Когда я вошёл в задымлённый зал, то сразу увидел отца. Он отдавал уже последнее от всего добра – лишь окаменелый наплыв берёзы. Я пожалел: мне не хотелось с этим наплывом расставаться, тем более он всё равно не сгорел бы, потому что окаменел ещё миллион лет тому назад. Это самое ценное, что у нас было.

   – Я уже всё раздал, пока не сгорело, – сказал отец. – Мне сказали, что эта вещь не имеет цены.

   Теперь стало ясно, зачем он рвался в этот дом.

   – Возьмите и сено, – говорю я уже деревенским (в избе осталось сено – до самой крыши, огромная копна сена). – Возьмите сено, пока оно не сгорело.

   И ещё показываю на остаток сена в мешке, который валяется не в избе, а на улице, за крыльцом, неполный, прибитый к земле пыльный мешок.

   – Не взимем, такую кроху не взимем, – говорит мне какой-то маленький сморщенный дедок в дырявых тощих сапогах.

   – А там лежит ещё второй такой же мешок, но полный, там будет килограмм десять, возьмите тогда его!

    – На кой ляд в довесок ишо мешок? – сказал дедок. – Можа он упрелый да провялый весь – со дворовища же.

   – Чё его и вмале тягать-то, буде он остатный да бросовый, – сказала старуха  и стала разглаживать на коленках белёсый передничек, на нём может и был когда-то весёлый рисунок, но уж давно отжался в стирках, и утёк в воду вместе с цветом и временем.

  Мешок брошен на улице, во дворе. Издалека он очень похож на лежащую серую собаку.

   – Она поможет вам с этим сеном, – говорю я. – Она поможет его донести вам!

  Собака встаёт и готова сама нести себя куда ей велят на своих криво-коротких лапах.
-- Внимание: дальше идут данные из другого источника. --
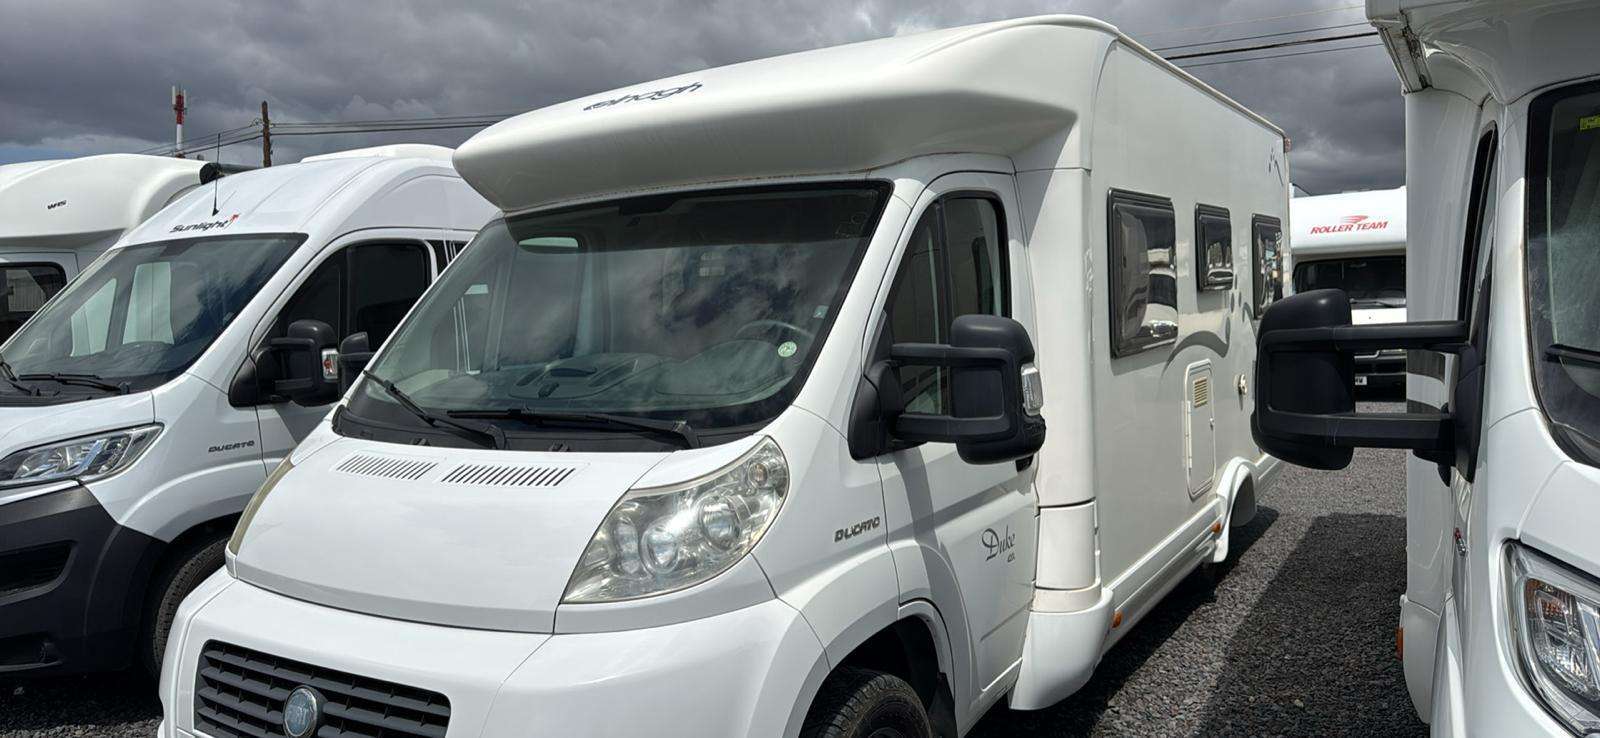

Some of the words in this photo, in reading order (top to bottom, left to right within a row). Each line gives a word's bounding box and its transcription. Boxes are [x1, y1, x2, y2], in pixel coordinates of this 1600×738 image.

   – Однако сее не мешок, ты всё понапутал! – говорят мне. – Сее пёс своробный.

   – Ну, тем более, – говорю я, – возьмите тогда собаку!

   – Пёс сену не привесок. Да ещё, поди, своробный да рухлый весь.

  – Но если вы остаток сена не хотели, а оказалась собака, то её-то возьмите тогда! – говорю я и внимательно изучаю эту скромную и неуклюжую собаку: это совсем небольшая дворовая и пугливая собака.

   – Возьмите её, – говорю я, – я прошу вас! Вернее даже можете и не брать, а только не гоните её со двора и она сама принесёт вам тот полупустой мешок!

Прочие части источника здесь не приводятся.